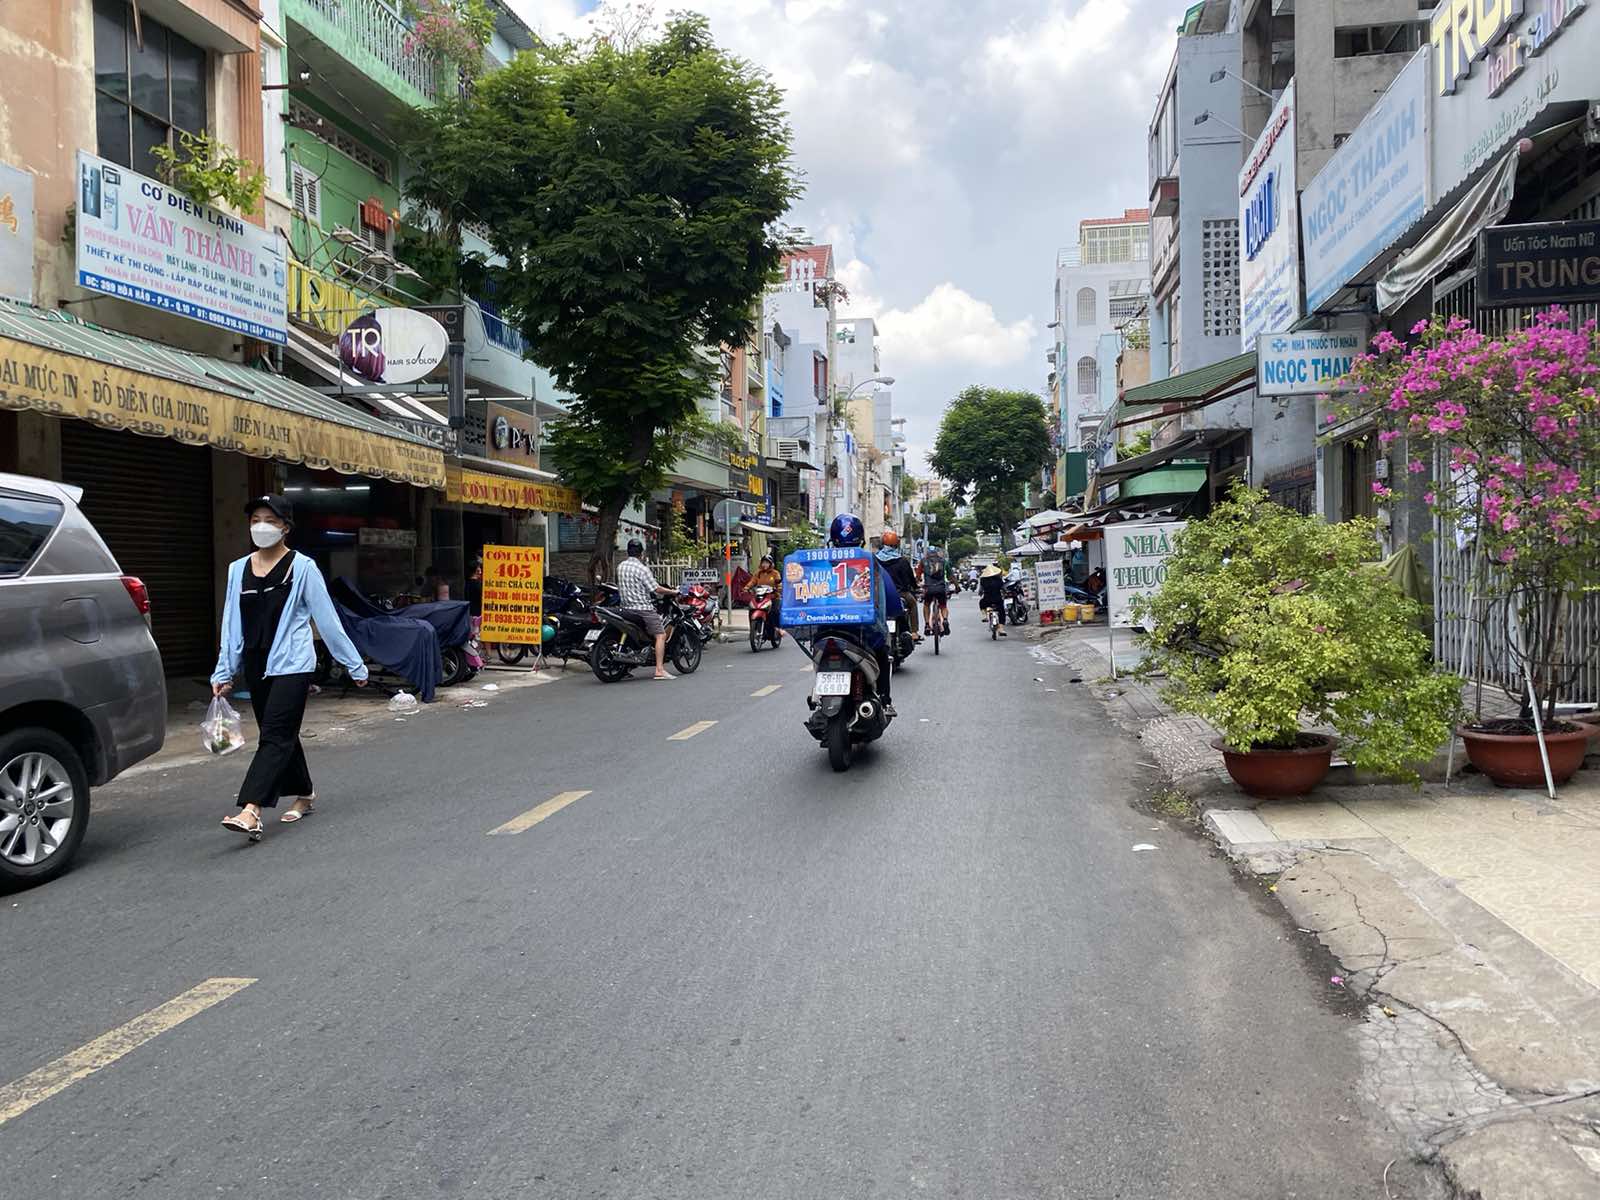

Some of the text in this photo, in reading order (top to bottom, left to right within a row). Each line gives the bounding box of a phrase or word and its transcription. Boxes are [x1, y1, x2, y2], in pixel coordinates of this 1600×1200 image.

[1432, 0, 1523, 96] TRU
[141, 182, 244, 236] CƠ ĐIỆN LẠNH
[126, 203, 255, 277] VĂN THÀNH
[1503, 231, 1596, 252] Uốn Tóc Nam Nữ
[86, 244, 110, 260] THIẾT
[113, 253, 124, 265] KẾ
[128, 258, 141, 269] THI
[143, 262, 165, 277] CÔNG
[204, 282, 217, 294] CÁC
[219, 288, 228, 300] HỆ
[231, 291, 253, 306] THỐNG
[254, 299, 267, 311] MÁY
[268, 305, 284, 316] LẠNH
[166, 253, 179, 265] MÁY
[182, 260, 197, 273] LẠNH
[202, 266, 209, 279] TỦ
[211, 272, 226, 284] LẠNH
[231, 277, 242, 288] MÁY
[1497, 257, 1600, 289] TRUNG
[100, 280, 116, 293] 399
[117, 283, 133, 298] HÒA
[135, 288, 151, 302] HẢO
[1291, 334, 1358, 351] NHÀ THUỐC TƯ NHÂN
[1264, 356, 1352, 389] NGỌC THAN
[24, 362, 58, 398] MỰC
[63, 373, 79, 400] IN
[92, 368, 112, 407] ĐỒ
[117, 383, 148, 417] ĐIỆN
[152, 395, 174, 420] GIA
[177, 399, 209, 429] DỤNG
[233, 413, 262, 440] ĐIỆN
[486, 549, 540, 562] CƠM TẤM
[807, 549, 855, 561] 1900 6099
[1123, 528, 1171, 557] NHÀ
[494, 563, 532, 578] 405
[508, 578, 523, 590] CHẢ
[525, 581, 540, 590] CUA
[810, 571, 833, 582] MUA
[832, 562, 847, 599] 1
[793, 578, 830, 603] TẶNG
[484, 601, 540, 614] MIỄN PHÍ CƠM THÊM
[807, 613, 839, 622] Domino's
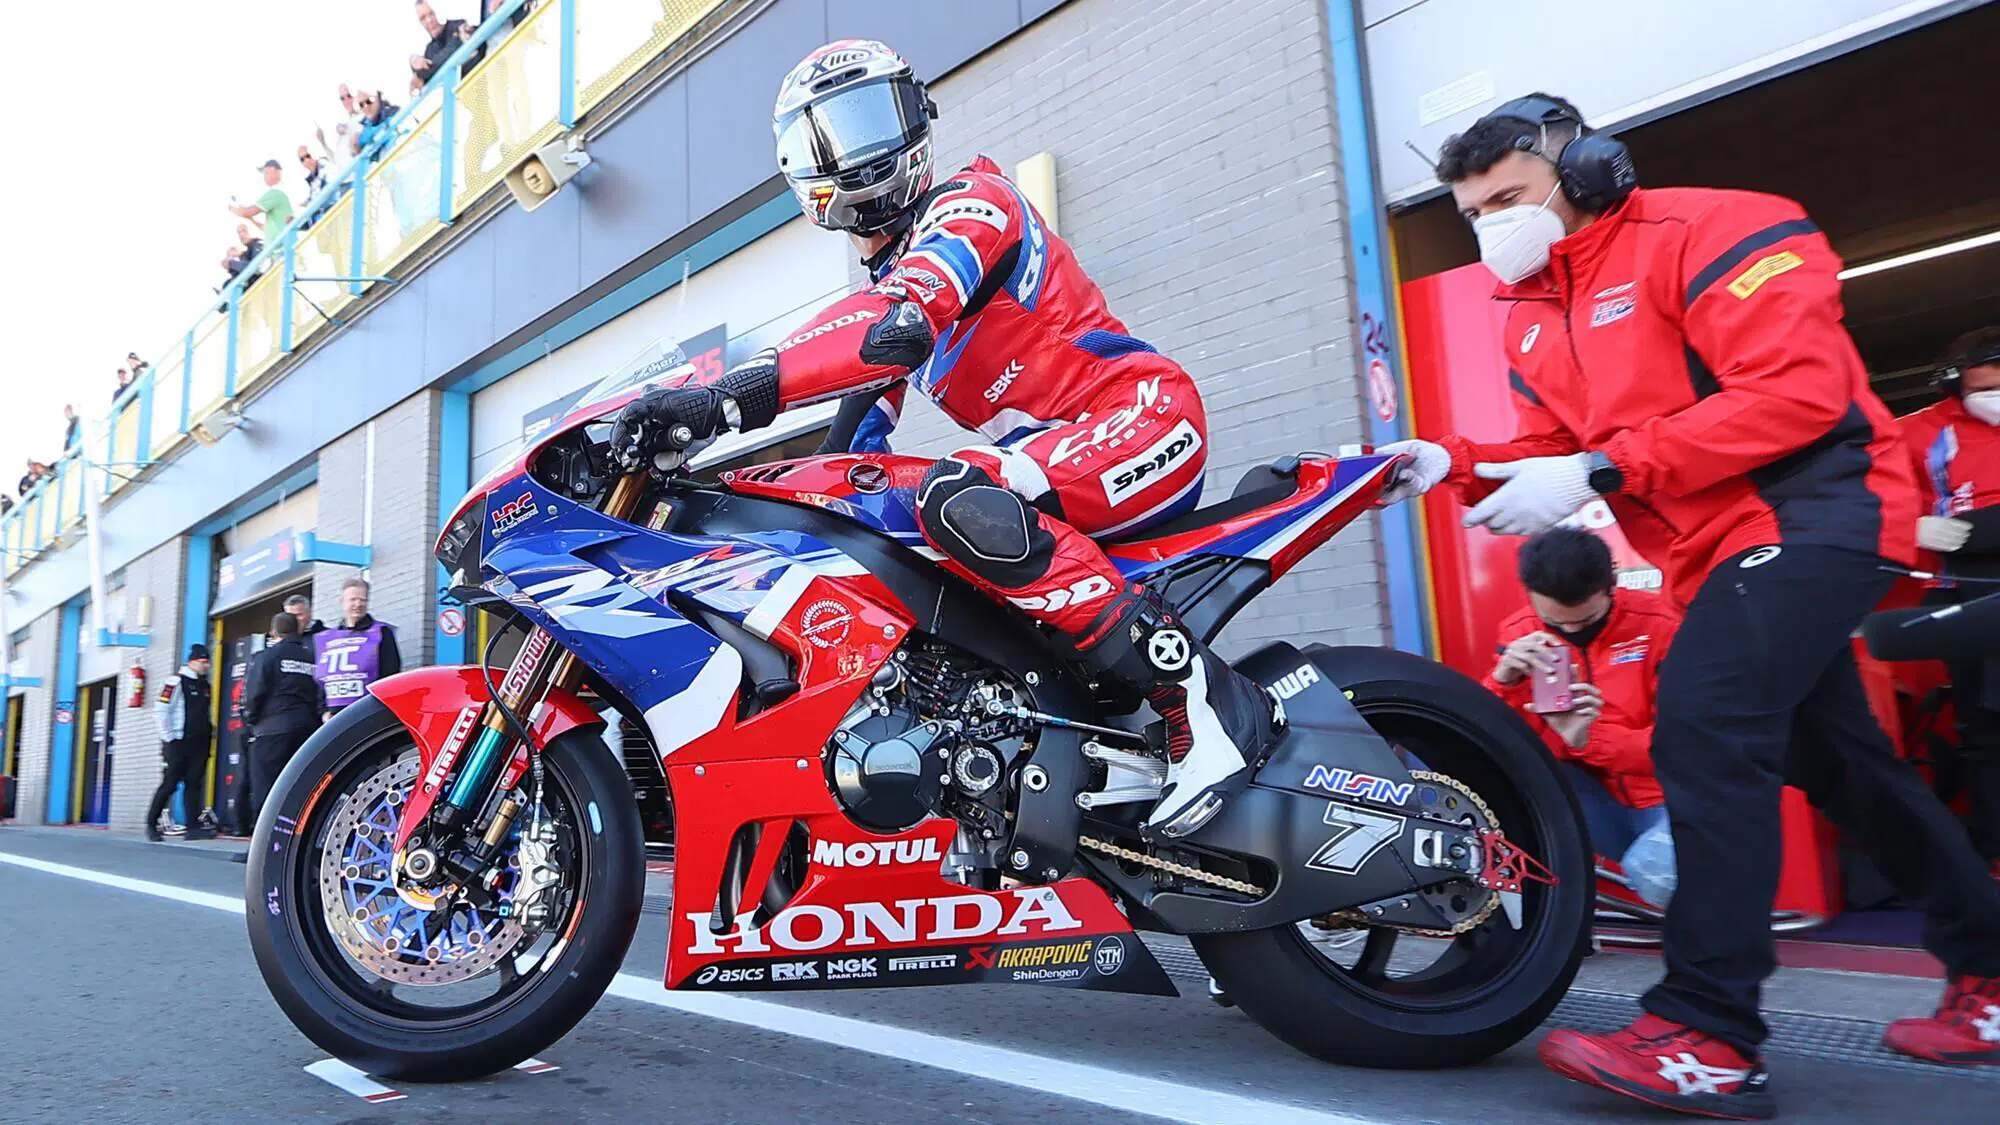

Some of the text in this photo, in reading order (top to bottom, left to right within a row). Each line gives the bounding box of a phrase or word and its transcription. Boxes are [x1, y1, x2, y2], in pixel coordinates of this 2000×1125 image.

Your goal. Retype the records above exactly, pictures omitted.

Result of this exercise.
Some of the text in this photo, in reading order (top to bottom, left to right within a row). Each line gives the bounding box of a phrase or word and its transcription. Boxes are [x1, y1, x2, y2], in pixel coordinates of this 1600×1200 image.

[1432, 0, 1523, 96] TRU
[141, 182, 244, 236] CƠ ĐIỆN LẠNH
[126, 203, 255, 277] VĂN THÀNH
[1503, 231, 1596, 252] Uốn Tóc Nam Nữ
[86, 244, 110, 260] THIẾT
[113, 253, 124, 265] KẾ
[128, 258, 141, 269] THI
[143, 262, 165, 277] CÔNG
[204, 282, 217, 294] CÁC
[219, 288, 228, 300] HỆ
[231, 291, 253, 306] THỐNG
[254, 299, 267, 311] MÁY
[268, 305, 284, 316] LẠNH
[166, 253, 179, 265] MÁY
[182, 260, 197, 273] LẠNH
[202, 266, 209, 279] TỦ
[211, 272, 226, 284] LẠNH
[231, 277, 242, 288] MÁY
[1497, 257, 1600, 289] TRUNG
[100, 280, 116, 293] 399
[117, 283, 133, 298] HÒA
[135, 288, 151, 302] HẢO
[1291, 334, 1358, 351] NHÀ THUỐC TƯ NHÂN
[1264, 356, 1352, 389] NGỌC THAN
[24, 362, 58, 398] MỰC
[63, 373, 79, 400] IN
[92, 368, 112, 407] ĐỒ
[117, 383, 148, 417] ĐIỆN
[152, 395, 174, 420] GIA
[177, 399, 209, 429] DỤNG
[233, 413, 262, 440] ĐIỆN
[486, 549, 540, 562] CƠM TẤM
[807, 549, 855, 561] 1900 6099
[1123, 528, 1171, 557] NHÀ
[494, 563, 532, 578] 405
[508, 578, 523, 590] CHẢ
[525, 581, 540, 590] CUA
[810, 571, 833, 582] MUA
[832, 562, 847, 599] 1
[793, 578, 830, 603] TẶNG
[484, 601, 540, 614] MIỄN PHÍ CƠM THÊM
[807, 613, 839, 622] Domino's

Some of the text in this photo, in reading order (top to bottom, left to right within a row). Each line gives the bounding box of a phrase or word and its transcription. Boxes are [x1, y1, x2, y2], in pixel coordinates of this 2000×1125 image.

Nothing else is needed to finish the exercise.